Work instruction => Pictures do not belong in the copy; print every entry exactly as it stands.
Stored data below:
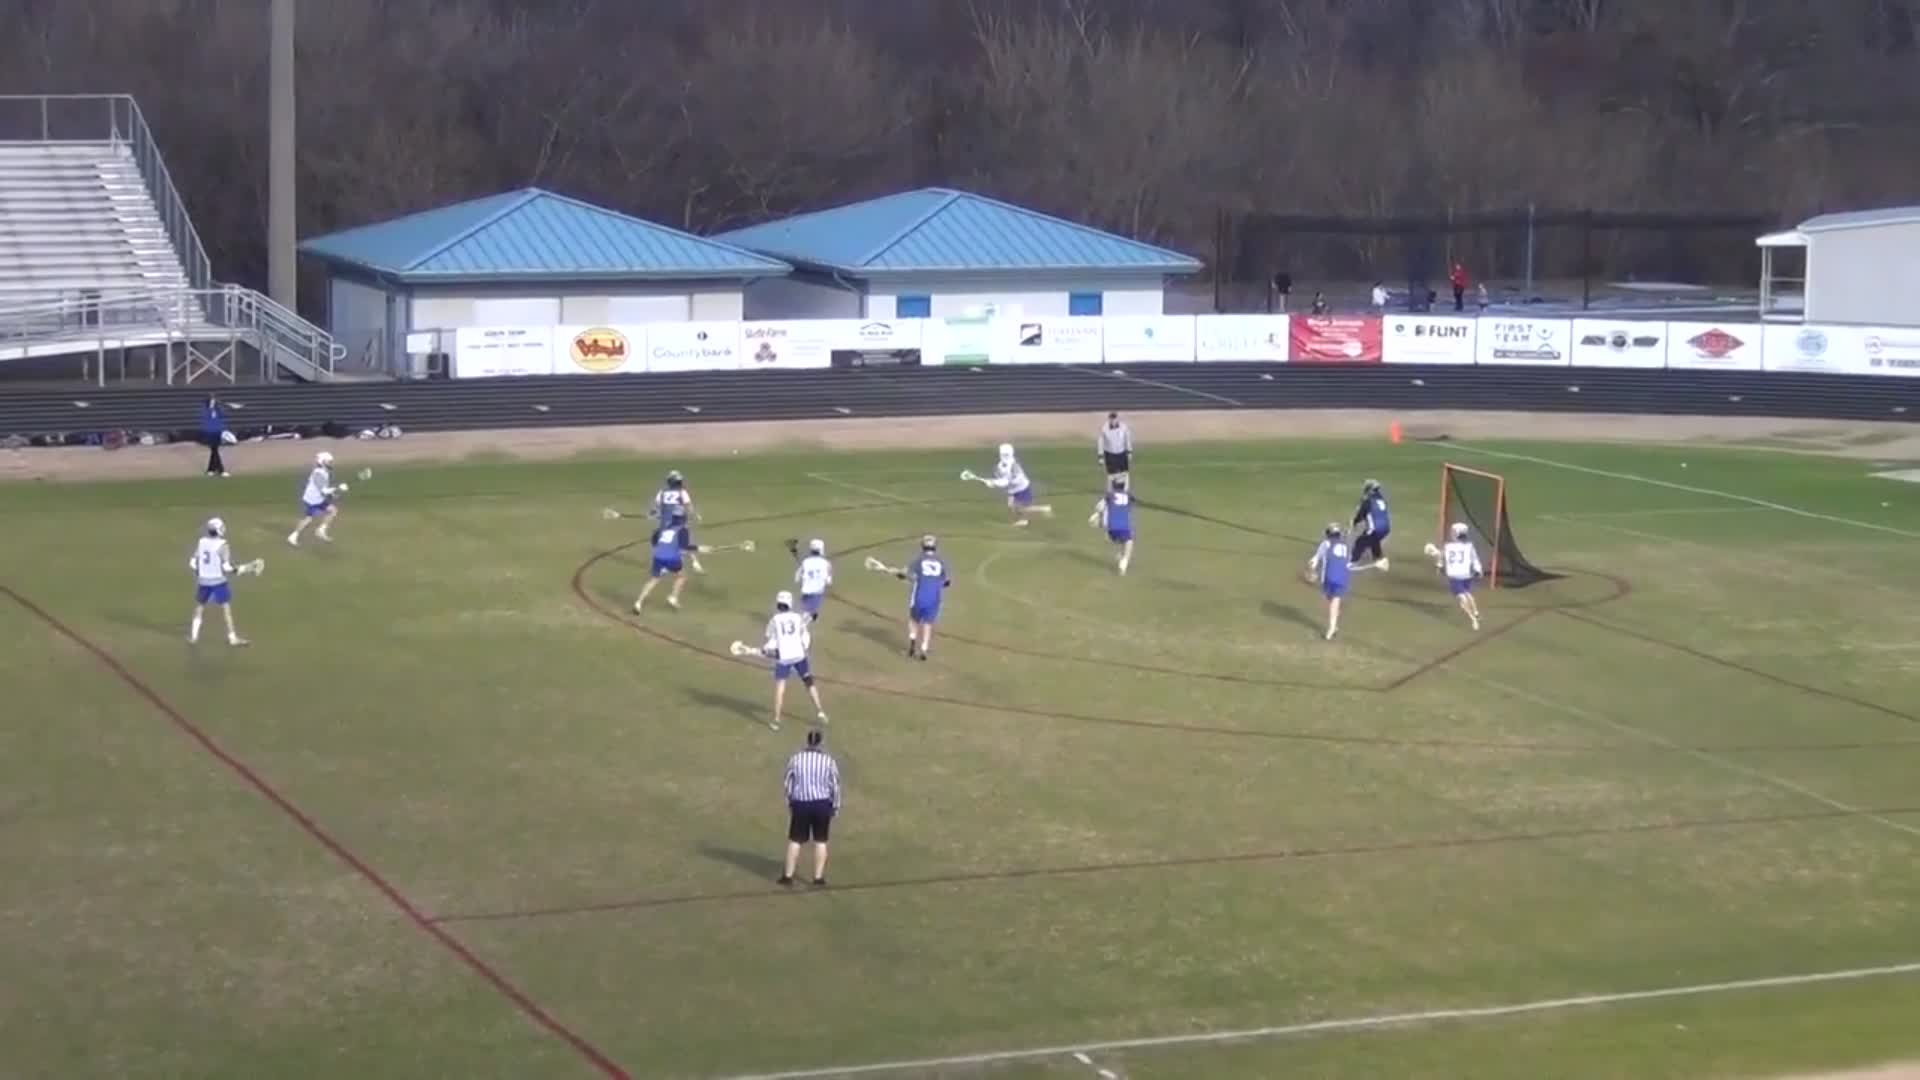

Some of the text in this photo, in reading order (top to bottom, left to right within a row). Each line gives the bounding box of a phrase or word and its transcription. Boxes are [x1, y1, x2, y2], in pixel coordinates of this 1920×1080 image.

[1429, 325, 1468, 338] FLINT
[1495, 324, 1533, 333] FIRST
[1496, 333, 1530, 343] TEAM
[780, 620, 796, 635] 13
End of Stored data.
Finished exercise =>
Some of the text in this photo, in reading order (top to bottom, left to right within a row). Each line gives the bounding box of a phrase or word and its transcription. Boxes are [x1, y1, x2, y2], in pixel coordinates of this 1920×1080 image.

[1429, 325, 1468, 338] FLINT
[1495, 324, 1533, 333] FIRST
[1496, 333, 1530, 343] TEAM
[780, 620, 796, 635] 13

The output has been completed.